## Work request
Please print every record below exactly as it reads.

## Material for this task
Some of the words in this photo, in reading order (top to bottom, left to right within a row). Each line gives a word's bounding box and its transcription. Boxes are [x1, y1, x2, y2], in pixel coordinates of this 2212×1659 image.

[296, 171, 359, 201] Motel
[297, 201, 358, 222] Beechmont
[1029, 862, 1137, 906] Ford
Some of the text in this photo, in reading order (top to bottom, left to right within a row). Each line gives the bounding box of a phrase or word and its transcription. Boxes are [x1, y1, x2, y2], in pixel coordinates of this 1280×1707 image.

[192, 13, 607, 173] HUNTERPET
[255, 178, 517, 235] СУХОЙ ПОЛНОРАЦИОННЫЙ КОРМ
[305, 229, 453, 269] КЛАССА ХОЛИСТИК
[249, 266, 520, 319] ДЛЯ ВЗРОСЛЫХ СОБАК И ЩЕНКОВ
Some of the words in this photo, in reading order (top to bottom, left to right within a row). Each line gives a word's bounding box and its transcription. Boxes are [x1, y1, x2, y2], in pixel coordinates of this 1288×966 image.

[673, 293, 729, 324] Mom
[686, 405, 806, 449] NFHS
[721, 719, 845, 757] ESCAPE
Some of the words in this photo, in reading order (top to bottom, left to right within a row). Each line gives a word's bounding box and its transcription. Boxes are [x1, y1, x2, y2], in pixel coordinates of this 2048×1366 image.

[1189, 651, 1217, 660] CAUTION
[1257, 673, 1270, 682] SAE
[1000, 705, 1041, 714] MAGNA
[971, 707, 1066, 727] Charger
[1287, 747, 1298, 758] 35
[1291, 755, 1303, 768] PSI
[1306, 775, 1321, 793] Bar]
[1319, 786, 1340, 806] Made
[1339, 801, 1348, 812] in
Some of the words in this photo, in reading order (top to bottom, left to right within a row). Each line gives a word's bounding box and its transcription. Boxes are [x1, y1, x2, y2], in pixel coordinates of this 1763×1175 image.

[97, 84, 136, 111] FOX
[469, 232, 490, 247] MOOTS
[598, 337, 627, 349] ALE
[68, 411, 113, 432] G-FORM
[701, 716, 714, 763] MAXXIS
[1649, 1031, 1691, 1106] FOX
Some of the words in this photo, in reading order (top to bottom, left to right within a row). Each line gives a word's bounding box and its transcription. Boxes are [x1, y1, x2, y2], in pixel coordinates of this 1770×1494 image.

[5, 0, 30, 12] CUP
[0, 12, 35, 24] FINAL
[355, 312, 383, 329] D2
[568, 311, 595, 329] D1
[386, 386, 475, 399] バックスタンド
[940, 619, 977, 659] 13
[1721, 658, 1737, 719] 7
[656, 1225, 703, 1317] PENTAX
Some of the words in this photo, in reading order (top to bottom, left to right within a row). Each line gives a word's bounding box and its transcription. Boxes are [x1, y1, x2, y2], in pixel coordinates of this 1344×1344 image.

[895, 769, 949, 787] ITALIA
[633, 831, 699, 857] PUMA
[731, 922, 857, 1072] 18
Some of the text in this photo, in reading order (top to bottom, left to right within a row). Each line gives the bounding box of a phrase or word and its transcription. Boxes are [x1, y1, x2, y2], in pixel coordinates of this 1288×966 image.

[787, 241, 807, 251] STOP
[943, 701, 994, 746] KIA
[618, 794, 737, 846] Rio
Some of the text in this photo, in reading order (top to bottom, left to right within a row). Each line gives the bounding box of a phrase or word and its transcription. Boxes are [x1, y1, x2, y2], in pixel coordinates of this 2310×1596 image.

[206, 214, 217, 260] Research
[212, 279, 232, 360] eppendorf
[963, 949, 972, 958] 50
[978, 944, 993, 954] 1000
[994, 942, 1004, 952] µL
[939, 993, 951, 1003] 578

## Solution to this exercise
Some of the words in this photo, in reading order (top to bottom, left to right within a row). Each line gives a word's bounding box and its transcription. Boxes are [x1, y1, x2, y2], in pixel coordinates of this 2212×1659 image.

[296, 171, 359, 201] Motel
[297, 201, 358, 222] Beechmont
[1029, 862, 1137, 906] Ford
Some of the text in this photo, in reading order (top to bottom, left to right within a row). Each line gives the bounding box of a phrase or word and its transcription. Boxes are [x1, y1, x2, y2], in pixel coordinates of this 1280×1707 image.

[192, 13, 607, 173] HUNTERPET
[255, 178, 517, 235] СУХОЙ ПОЛНОРАЦИОННЫЙ КОРМ
[305, 229, 453, 269] КЛАССА ХОЛИСТИК
[249, 266, 520, 319] ДЛЯ ВЗРОСЛЫХ СОБАК И ЩЕНКОВ
Some of the words in this photo, in reading order (top to bottom, left to right within a row). Each line gives a word's bounding box and its transcription. Boxes are [x1, y1, x2, y2], in pixel coordinates of this 1288×966 image.

[673, 293, 729, 324] Mom
[686, 405, 806, 449] NFHS
[721, 719, 845, 757] ESCAPE
Some of the words in this photo, in reading order (top to bottom, left to right within a row). Each line gives a word's bounding box and its transcription. Boxes are [x1, y1, x2, y2], in pixel coordinates of this 2048×1366 image.

[1189, 651, 1217, 660] CAUTION
[1257, 673, 1270, 682] SAE
[1000, 705, 1041, 714] MAGNA
[971, 707, 1066, 727] Charger
[1287, 747, 1298, 758] 35
[1291, 755, 1303, 768] PSI
[1306, 775, 1321, 793] Bar]
[1319, 786, 1340, 806] Made
[1339, 801, 1348, 812] in
Some of the words in this photo, in reading order (top to bottom, left to right within a row). Each line gives a word's bounding box and its transcription. Boxes are [x1, y1, x2, y2], in pixel coordinates of this 1763×1175 image.

[97, 84, 136, 111] FOX
[469, 232, 490, 247] MOOTS
[598, 337, 627, 349] ALE
[68, 411, 113, 432] G-FORM
[701, 716, 714, 763] MAXXIS
[1649, 1031, 1691, 1106] FOX
Some of the words in this photo, in reading order (top to bottom, left to right within a row). Each line gives a word's bounding box and its transcription. Boxes are [x1, y1, x2, y2], in pixel coordinates of this 1770×1494 image.

[5, 0, 30, 12] CUP
[0, 12, 35, 24] FINAL
[355, 312, 383, 329] D2
[568, 311, 595, 329] D1
[386, 386, 475, 399] バックスタンド
[940, 619, 977, 659] 13
[1721, 658, 1737, 719] 7
[656, 1225, 703, 1317] PENTAX
Some of the words in this photo, in reading order (top to bottom, left to right within a row). Each line gives a word's bounding box and its transcription. Boxes are [x1, y1, x2, y2], in pixel coordinates of this 1344×1344 image.

[895, 769, 949, 787] ITALIA
[633, 831, 699, 857] PUMA
[731, 922, 857, 1072] 18
Some of the text in this photo, in reading order (top to bottom, left to right within a row). Each line gives the bounding box of a phrase or word and its transcription. Boxes are [x1, y1, x2, y2], in pixel coordinates of this 1288×966 image.

[787, 241, 807, 251] STOP
[943, 701, 994, 746] KIA
[618, 794, 737, 846] Rio
Some of the text in this photo, in reading order (top to bottom, left to right within a row). Each line gives the bounding box of a phrase or word and its transcription. Boxes are [x1, y1, x2, y2], in pixel coordinates of this 2310×1596 image.

[206, 214, 217, 260] Research
[212, 279, 232, 360] eppendorf
[963, 949, 972, 958] 50
[978, 944, 993, 954] 1000
[994, 942, 1004, 952] µL
[939, 993, 951, 1003] 578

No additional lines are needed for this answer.